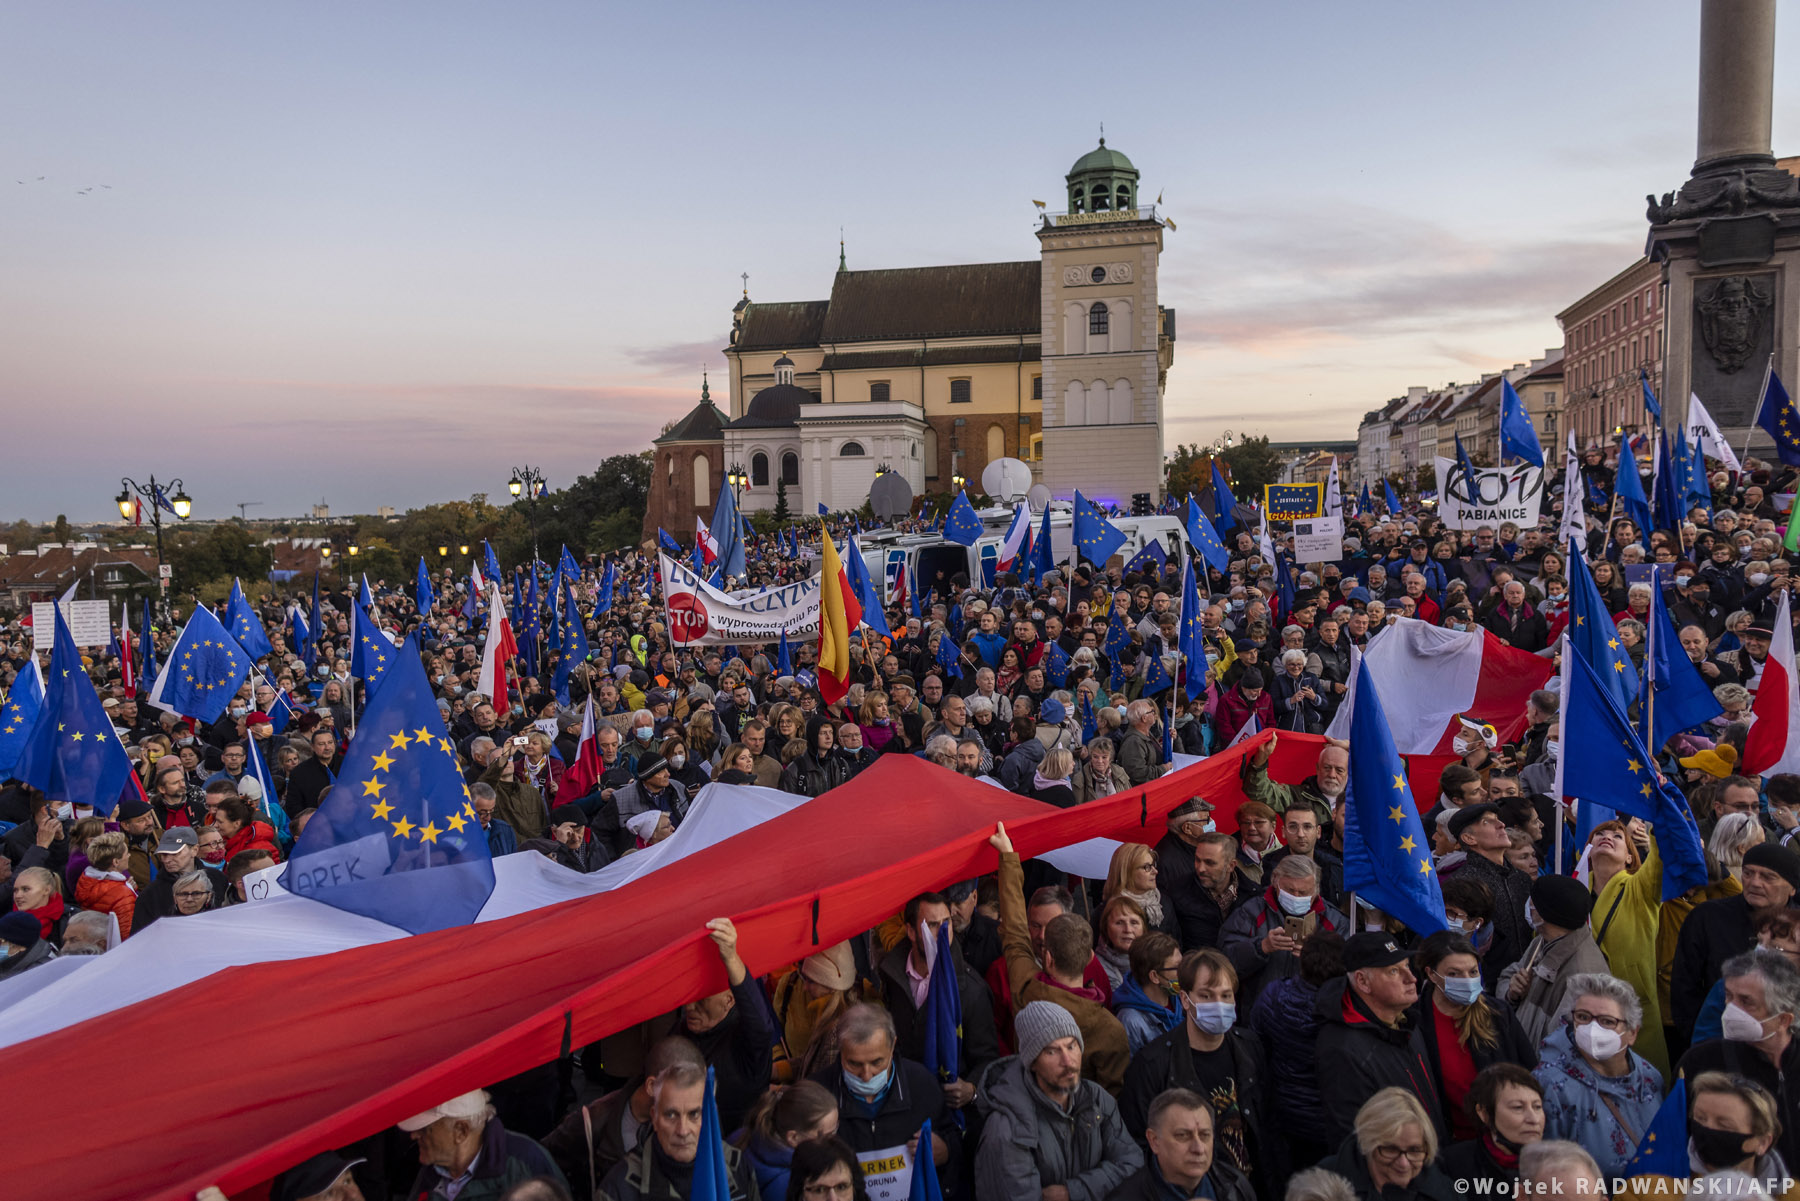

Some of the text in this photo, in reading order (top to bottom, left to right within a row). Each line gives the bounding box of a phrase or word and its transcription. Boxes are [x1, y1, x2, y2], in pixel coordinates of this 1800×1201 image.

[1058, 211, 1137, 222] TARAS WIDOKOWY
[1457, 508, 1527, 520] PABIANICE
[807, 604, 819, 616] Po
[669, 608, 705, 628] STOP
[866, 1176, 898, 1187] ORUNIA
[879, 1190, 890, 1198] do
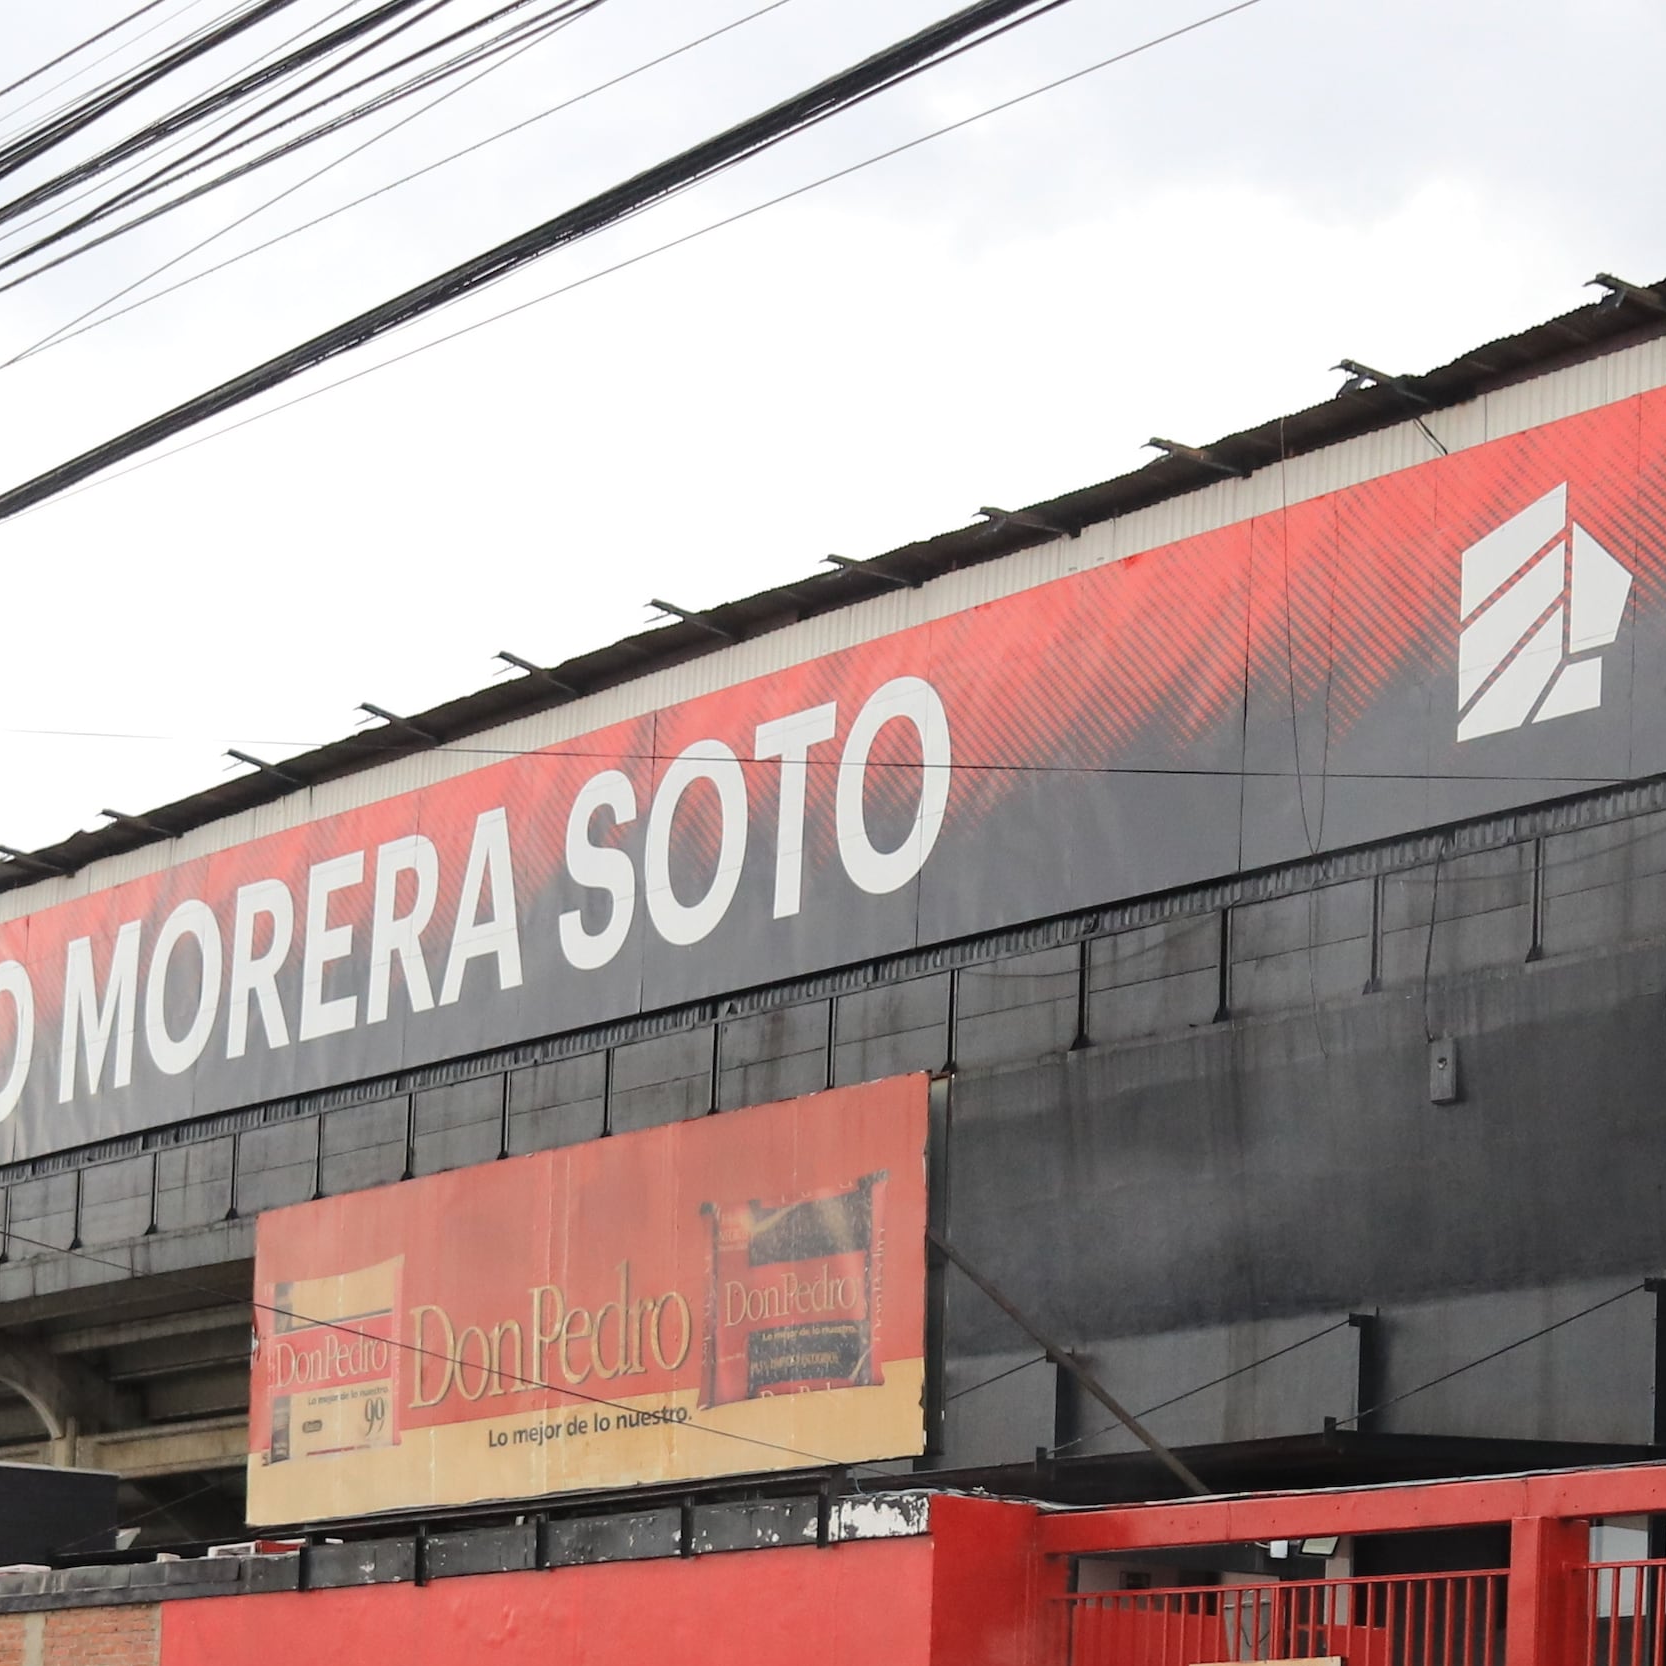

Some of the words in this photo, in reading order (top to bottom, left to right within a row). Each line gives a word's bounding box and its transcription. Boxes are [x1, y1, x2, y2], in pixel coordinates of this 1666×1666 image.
• • •
### What to produce
The entries above are to be repeated exactly, except for any pictures.

### Written answer
Some of the text in this photo, in reading order (top to bottom, left to right within a row). Each line gives the bounding box of a phrase or word and its transcription. Boxes are [x1, y1, x2, y2], in pixel coordinates of this 1800×1201 image.

[1058, 211, 1137, 222] TARAS WIDOKOWY
[1457, 508, 1527, 520] PABIANICE
[807, 604, 819, 616] Po
[669, 608, 705, 628] STOP
[866, 1176, 898, 1187] ORUNIA
[879, 1190, 890, 1198] do

Some of the words in this photo, in reading order (top to bottom, left to right within a row). Each line gives a word's bounding box and its transcription. Boxes are [x1, y1, x2, y2], in pixel coordinates of this 1666×1666 image.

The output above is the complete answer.